Top of Records to process
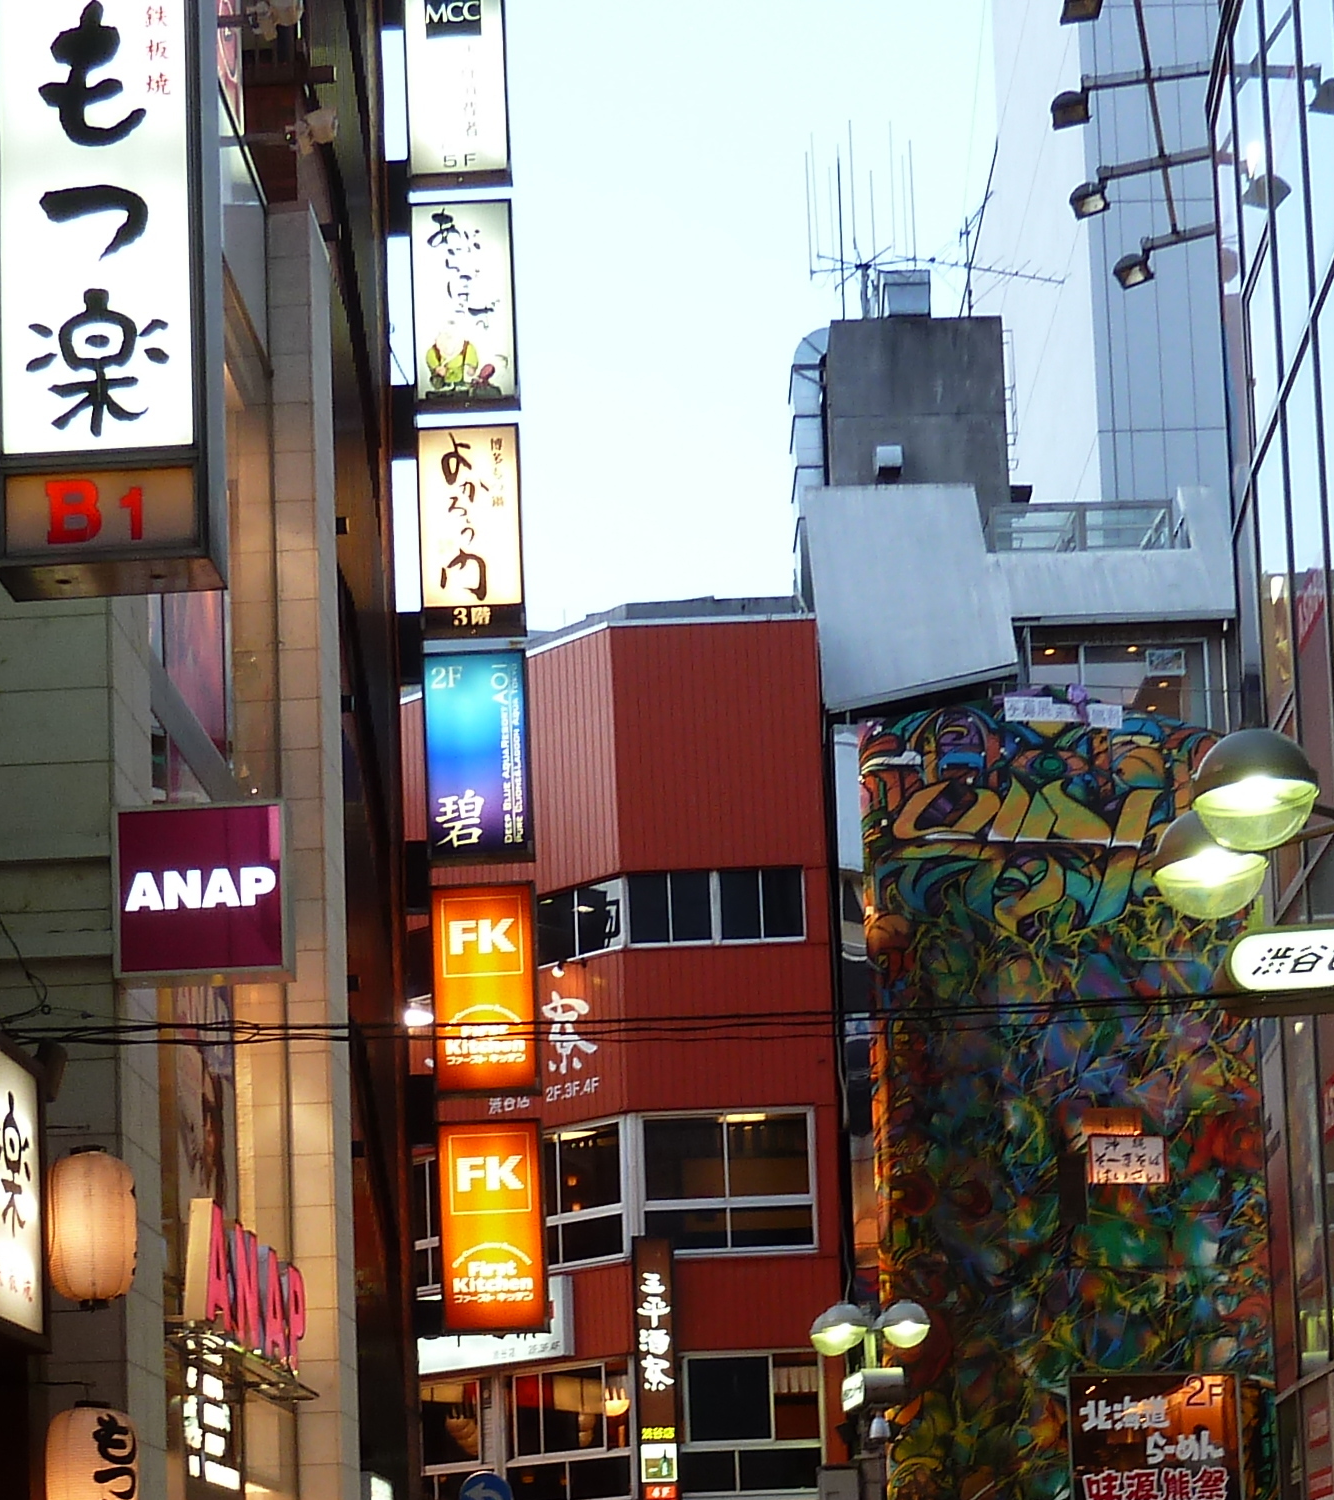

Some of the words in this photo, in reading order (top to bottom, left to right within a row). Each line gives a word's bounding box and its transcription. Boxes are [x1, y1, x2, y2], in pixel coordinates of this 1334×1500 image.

[426, 1, 480, 24] MCC
[25, 0, 169, 437] もつ楽
[44, 479, 144, 545] B1
[453, 606, 491, 626] 3階
[431, 666, 462, 690] 2F
[436, 789, 485, 848] 碧
[125, 866, 276, 912] ANAP
[448, 918, 516, 955] FK
[456, 1155, 525, 1193] FK
[453, 1276, 533, 1292] Kitchen
[468, 1260, 517, 1277] First
[206, 1200, 306, 1378] ANAP
[1183, 1374, 1225, 1407] 2F
[1079, 1395, 1171, 1432] 北海道
[1146, 1430, 1225, 1465] らーめん
[651, 1487, 671, 1498] 4F
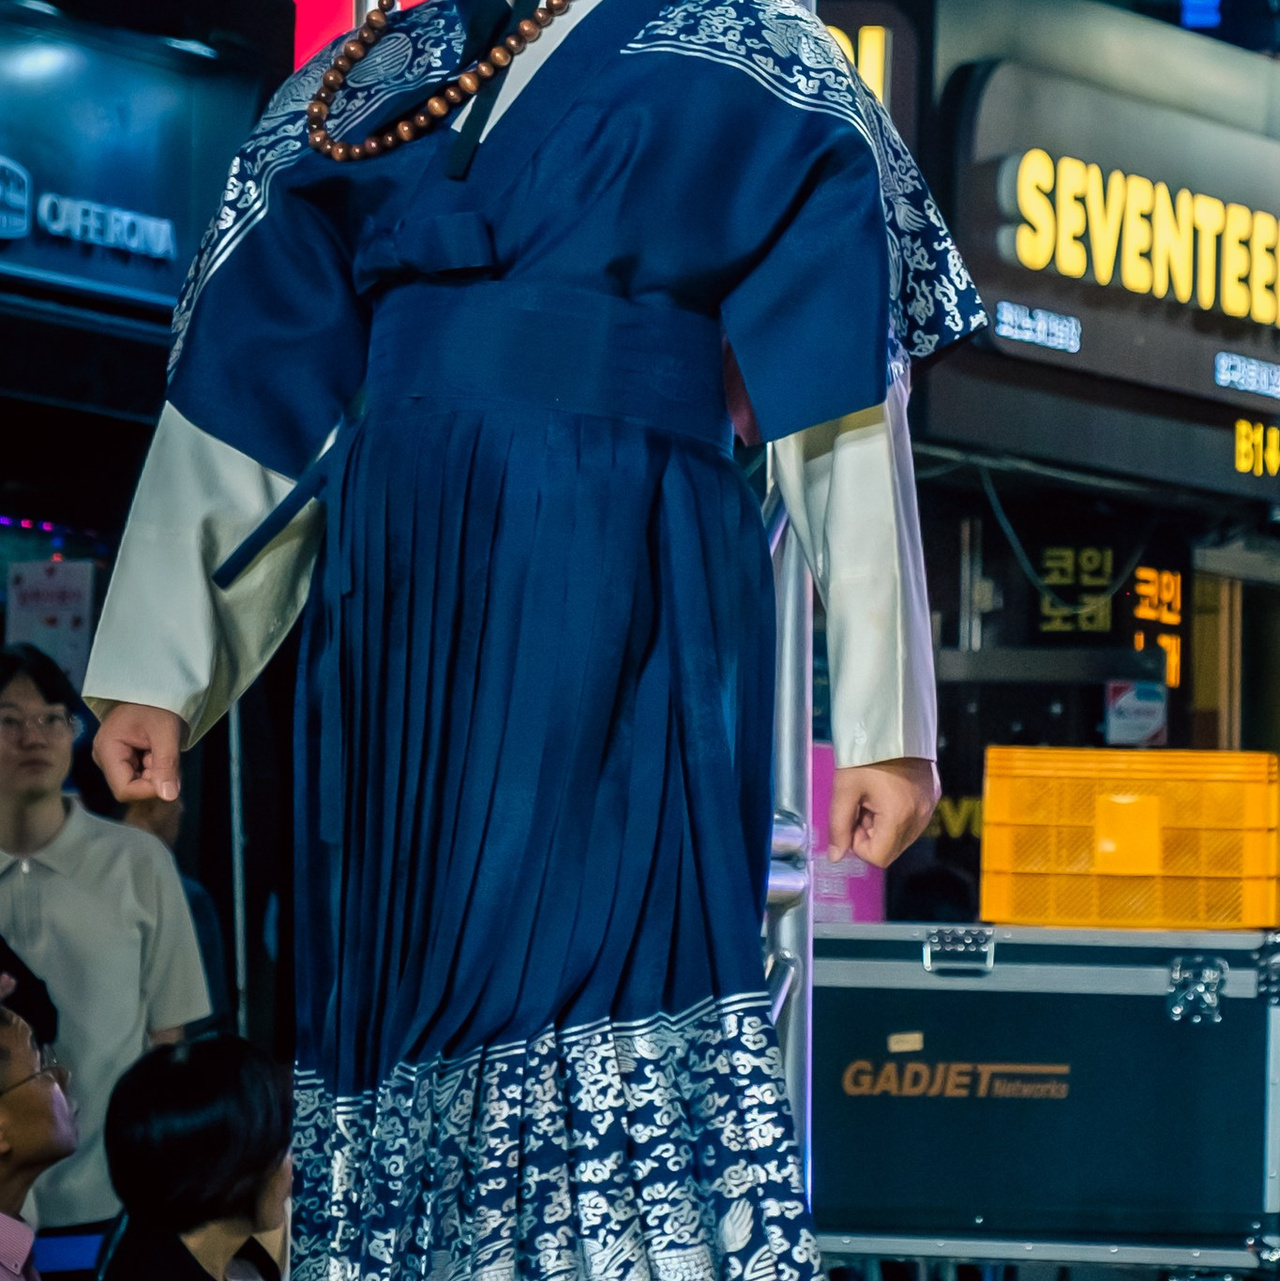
Bottom of Records to process
Copy the listing character for character, pictures omitted.

Some of the words in this photo, in reading order (top to bottom, left to right within a row). Each line gives a word's bounding box and its transcription. Boxes are [x1, y1, x2, y2], in pixel coordinates of this 1334×1500 image.

[426, 1, 480, 24] MCC
[25, 0, 169, 437] もつ楽
[44, 479, 144, 545] B1
[453, 606, 491, 626] 3階
[431, 666, 462, 690] 2F
[436, 789, 485, 848] 碧
[125, 866, 276, 912] ANAP
[448, 918, 516, 955] FK
[456, 1155, 525, 1193] FK
[453, 1276, 533, 1292] Kitchen
[468, 1260, 517, 1277] First
[206, 1200, 306, 1378] ANAP
[1183, 1374, 1225, 1407] 2F
[1079, 1395, 1171, 1432] 北海道
[1146, 1430, 1225, 1465] らーめん
[651, 1487, 671, 1498] 4F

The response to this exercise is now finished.